Justice Stevens' majority opinion, which reversed the decision of the Maine Supreme Court, first held that the statute discriminated on its face against interstate commerce and would clearly be unconstitutional if it were aimed at profit-making enterprises. The Court next addressed "the novel question" of whether a different standard should apply to the regulation of non-profit entities and concluded that the answer was "no." Finally, the Court rejected respondent's arguments that the tax exemption was tantamount to a direct subsidy of those non-profit corporations that served primarily Maine residents and that Maine had been a market participant acting merely as a purchaser of the charitable services provided by such corporations. Both Justice Scalia (joined by Chief Justice Rehnquist, Justice Thomas, and Justice Ginsberg) and Justice Thomas (joined by Chief Justice Rehnquist and Justice Scalia) filed vigorous dissents.

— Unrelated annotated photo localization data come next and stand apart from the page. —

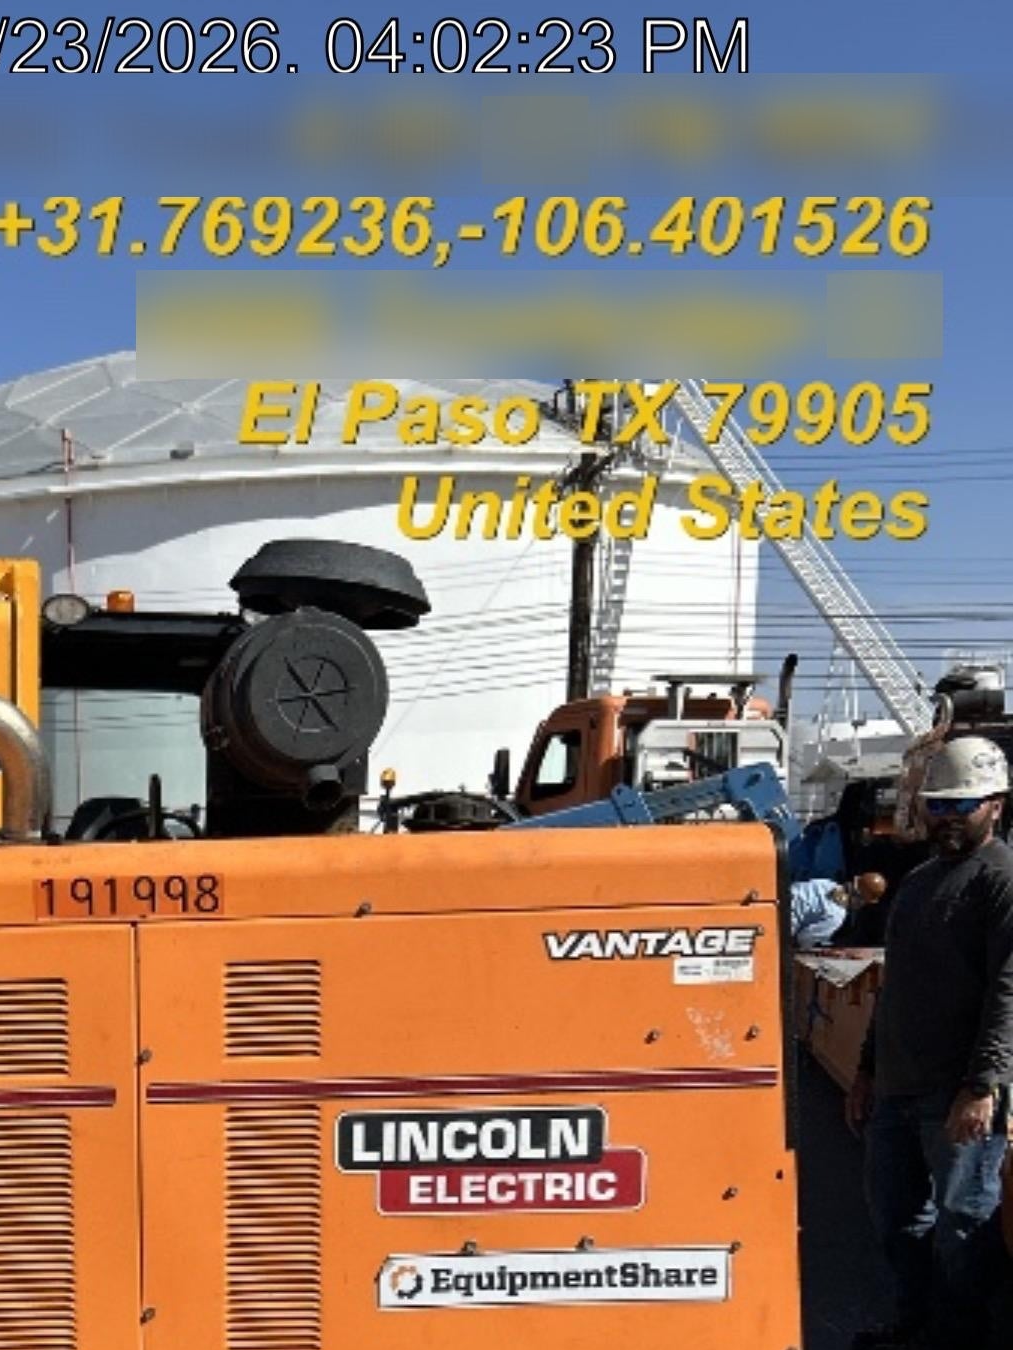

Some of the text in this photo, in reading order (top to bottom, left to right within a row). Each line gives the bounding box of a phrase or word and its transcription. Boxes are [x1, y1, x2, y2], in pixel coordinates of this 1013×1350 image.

[40, 873, 220, 916] 191998
[543, 927, 756, 958] VANTAGE
[351, 1117, 590, 1163] LINCOLN
[408, 1171, 618, 1206] ELECTRIC
[430, 1261, 718, 1297] EquipmentShare

Cases interpreting the limits of state powers to tax and interfere with interstate commerce are important to manufacturers around the country. They can be important factors in determining where to locate facilities, but can also restrict the ability of out-of-state companies to fully compete both in the state and with international competitors.

 

General Motors Corp. v. Tracy   (U.S. Supreme Court)

Taxation of Interstate Commerce

General Motors challenged an Ohio sales and use tax which applied generally to purchases of natural gas, but exempted purchases when they were made from a "natural gas company" defined by the Ohio Supreme Court as limited to local public utilities (also known as "local distribution companies," or LDCs). GM, however, purchased its supplies of natural gas from out-of-state natural gas marketers, which are not considered "natural gas companies" under Ohio law; therefore, GM's purchases were not exempted from the tax. The Ohio Supreme Court rejected GM's Commerce Clause and Equal Protection Clause challenges to the tax. The Supreme Court affirmed.

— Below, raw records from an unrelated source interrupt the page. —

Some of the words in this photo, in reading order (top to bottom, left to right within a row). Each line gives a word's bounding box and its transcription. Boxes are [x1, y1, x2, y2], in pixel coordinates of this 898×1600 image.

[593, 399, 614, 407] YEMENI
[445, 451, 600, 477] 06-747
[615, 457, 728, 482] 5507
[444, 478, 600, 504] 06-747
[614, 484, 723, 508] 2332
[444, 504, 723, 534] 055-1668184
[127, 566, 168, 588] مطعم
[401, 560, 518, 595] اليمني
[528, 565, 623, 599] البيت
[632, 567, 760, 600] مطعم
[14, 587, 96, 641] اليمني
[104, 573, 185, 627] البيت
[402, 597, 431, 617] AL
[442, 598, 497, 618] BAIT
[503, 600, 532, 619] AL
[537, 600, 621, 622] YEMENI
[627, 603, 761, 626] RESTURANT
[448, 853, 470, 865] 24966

Justice Souter, writing for the majority on 2/18/97, reasoned that Ohio's tax scheme worked no unconstitutional discrimination between in state LDCs and natural gas marketers, because the two types of entities are not "similarly situated." LDCs, the Court explained, principally sell "bundled gas" (gas plus transportation services) to a "captive market" composed principally of residential consumers and small companies. By contrast, gas marketers sell "unbundled gas" (gas without transportation services), principally to a "noncaptive market" of larger consumers like GM, who themselves arrange for the necessary transportation services. Even though LDCs do compete with marketers in the so-called "noncaptive market," the Court nonetheless held that it was appropriate, and nondiscriminatory, for Ohio generally to exempt purchases from LDCs from tax, so to maintain the LDCs' customer base, and therefore to preserve the LDCs' ability to serve the "captive market."

Justice Stevens dissented on the ground that the clear favoritism of LDC purchases in the "noncaptive" (competitive) market could not be sustained under the Commerce Clause.

The NAM filed an amicus brief in support of GM.